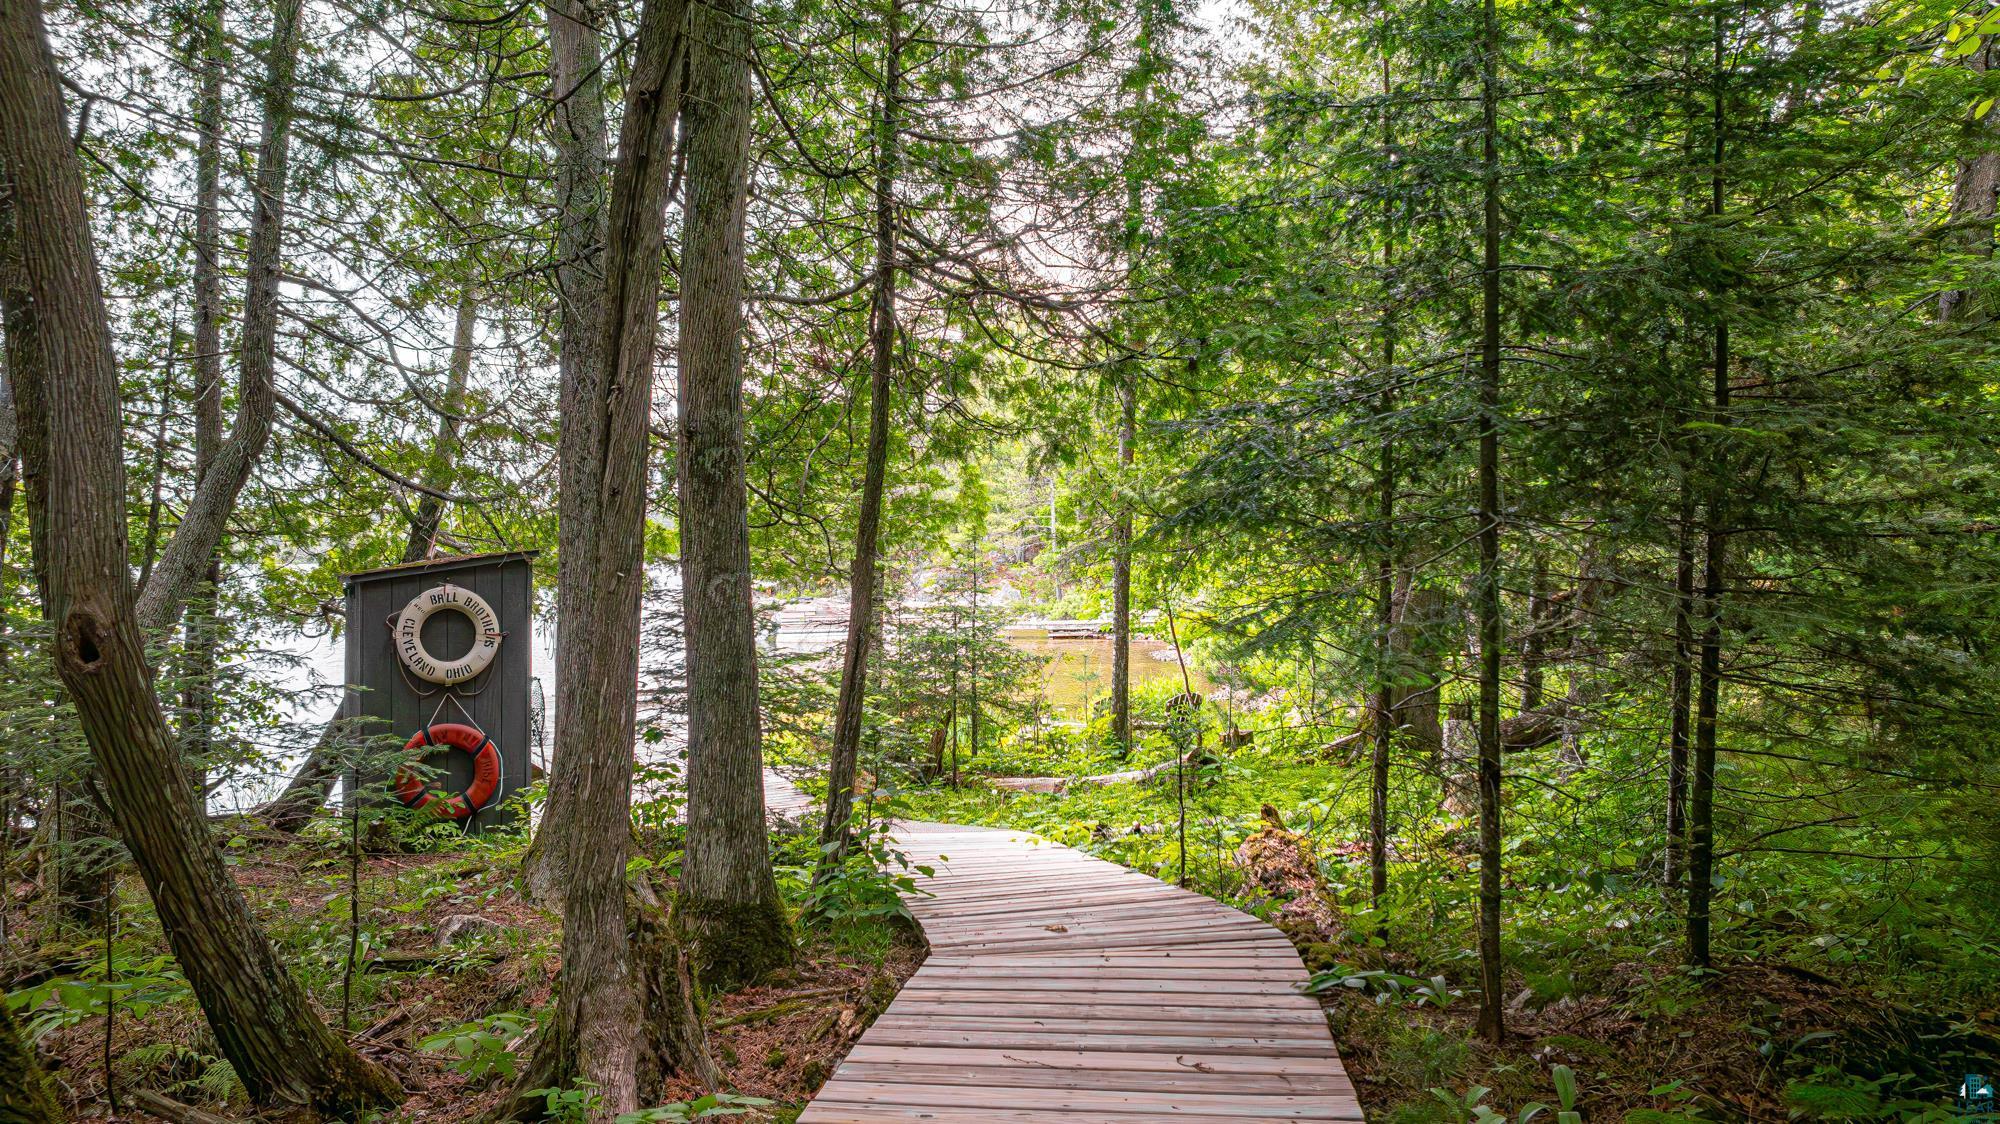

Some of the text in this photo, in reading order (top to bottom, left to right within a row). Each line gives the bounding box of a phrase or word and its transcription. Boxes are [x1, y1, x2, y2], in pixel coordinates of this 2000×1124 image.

[402, 618, 473, 679] CLEVELAND OHIO
[429, 592, 495, 649] BALL BROTHERS
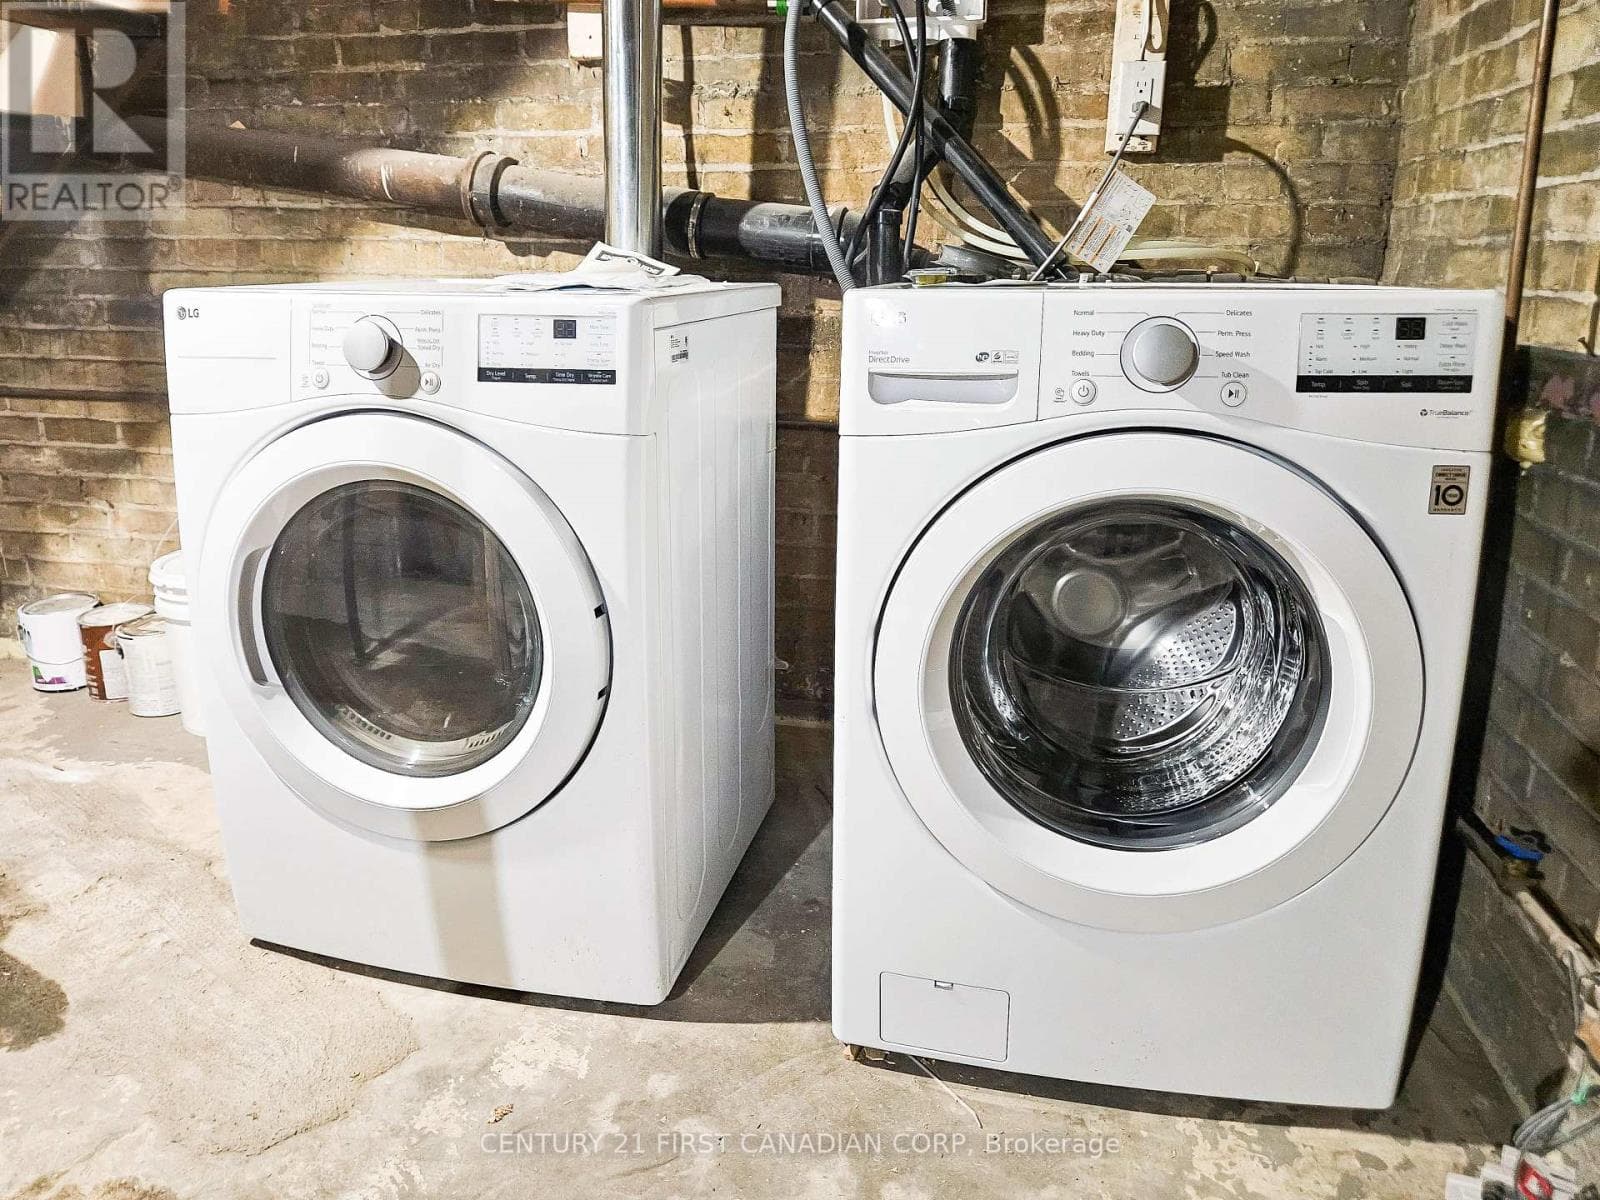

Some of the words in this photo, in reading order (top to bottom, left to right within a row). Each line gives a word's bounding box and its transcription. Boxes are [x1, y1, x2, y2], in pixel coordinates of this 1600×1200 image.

[188, 308, 199, 318] LG
[1073, 309, 1095, 317] Normal
[1225, 309, 1253, 317] Delicates
[1072, 329, 1089, 337] Heavy
[1090, 329, 1105, 338] Duty
[1235, 330, 1252, 338] Press
[1071, 350, 1095, 358] Bedding
[1215, 350, 1231, 359] Speed
[1233, 371, 1250, 379] Clean
[1434, 485, 1464, 506] 10

——————

**WORK INSTRUCTIONS:** Everything in the listing above must be retyped exactly, except for the pictures.

**ANSWER BOX:**
Some of the text in this photo, in reading order (top to bottom, left to right within a row). Each line gives the bounding box of a phrase or word and its transcription. Boxes are [x1, y1, x2, y2], in pixel coordinates of this 2000×1124 image.

[402, 618, 473, 679] CLEVELAND OHIO
[429, 592, 495, 649] BALL BROTHERS

Some of the words in this photo, in reading order (top to bottom, left to right within a row). Each line gives a word's bounding box and its transcription. Boxes are [x1, y1, x2, y2], in pixel coordinates of this 1600×1200 image.

[188, 308, 199, 318] LG
[1073, 309, 1095, 317] Normal
[1225, 309, 1253, 317] Delicates
[1072, 329, 1089, 337] Heavy
[1090, 329, 1105, 338] Duty
[1235, 330, 1252, 338] Press
[1071, 350, 1095, 358] Bedding
[1215, 350, 1231, 359] Speed
[1233, 371, 1250, 379] Clean
[1434, 485, 1464, 506] 10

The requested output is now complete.